Brute-force computing an entire dataset is O(n) in terms of complexity because all n aggregates in the data store must be considered. That’s far too costly for most

reasonable-sized datasets, where we’d prefer an O(log n) algorithm—which is somewhat efficient because it discards half the potential workload on each iteration—or better. Conversely, a graph database provides constant order lookup for the same query. In this case, we simply find the node in the graph that represents Bob, and then follow any incoming friend relationships; these relationships lead to nodes that represent people who consider Bob to be their friend. This is far cheaper than brute-forcing the result because it considers far fewer members of the network; that is, it considers only those that are connected to Bob. Of course, if everybody is friends with Bob, we’ll still end up considering the entire dataset.
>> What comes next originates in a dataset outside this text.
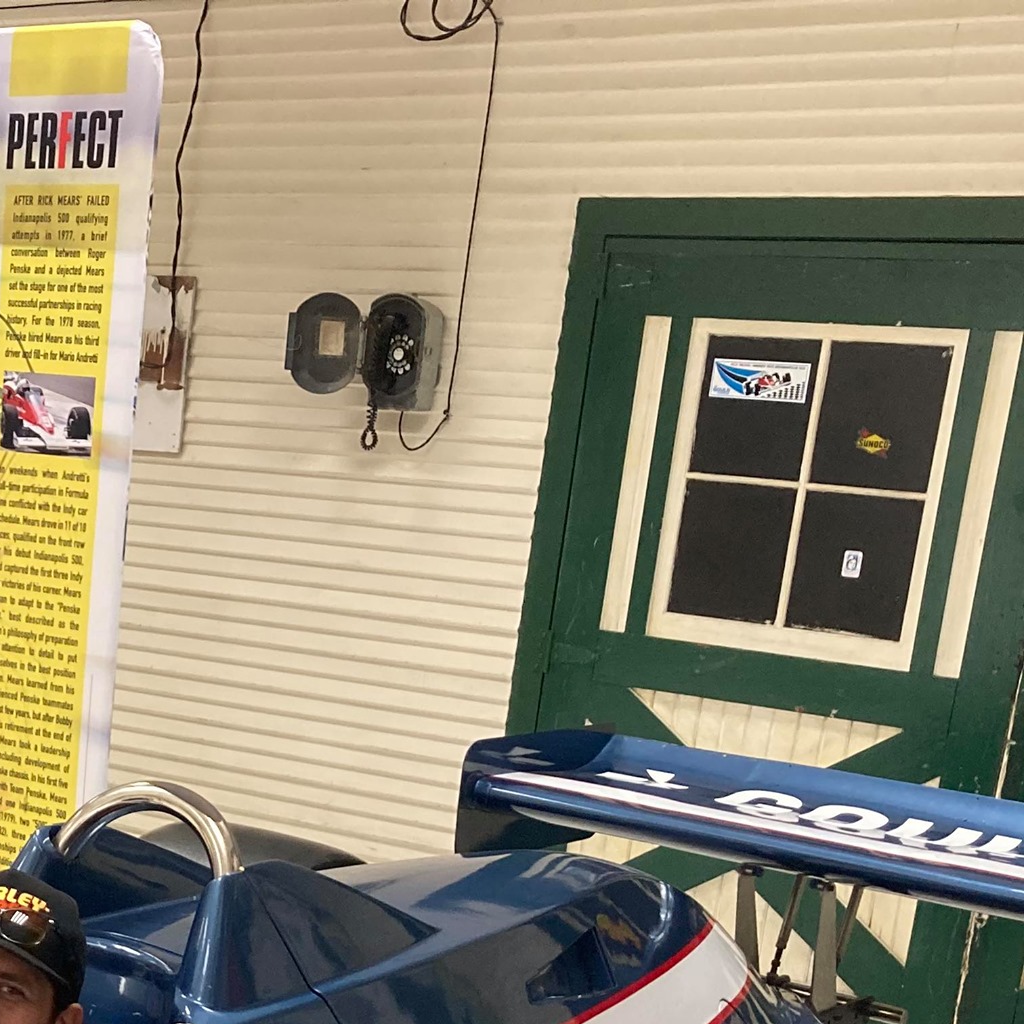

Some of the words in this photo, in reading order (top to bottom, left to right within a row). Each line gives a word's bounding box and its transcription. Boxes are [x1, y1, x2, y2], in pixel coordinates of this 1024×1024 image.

To avoid having to process the entire dataset, we could denormalize the storage model by adding backward links. Adding a second property, called perhaps friended_by, to each user, we can list the incoming friendship relations associated with that user. But this doesn’t come for free. For starters, we have to pay the initial and ongoing cost of increased write latency, plus the increased disk utilization cost for storing the additional metadata. On top of that, traversing the links remains expensive, because each hop requires an index lookup. This is because aggregates have no notion of locality, unlike graph databases, which naturally provide index-free adjacency through real—not reified —relationships. By implementing a graph structure atop a nonnative store, we get some of the benefits of partial connectedness, but at substantial cost.

This substantial cost is amplified when it comes to traversing deeper than just one hop. Friends are easy enough, but imagine trying to compute—in real time—friends-of- friends, or friends-of-friends-of-friends. That’s impractical with this kind of database because traversing a fake relationship isn’t cheap. This not only limits your chances of expanding your social network, but it reduces profitable recommendations, misses faulty equipment in your data center, and lets fraudulent purchasing activity slip through the net. Many systems try to maintain the appearance of graph-like processing, but inevitably it’s done in batches and doesn’t provide the real-time interaction that users demand.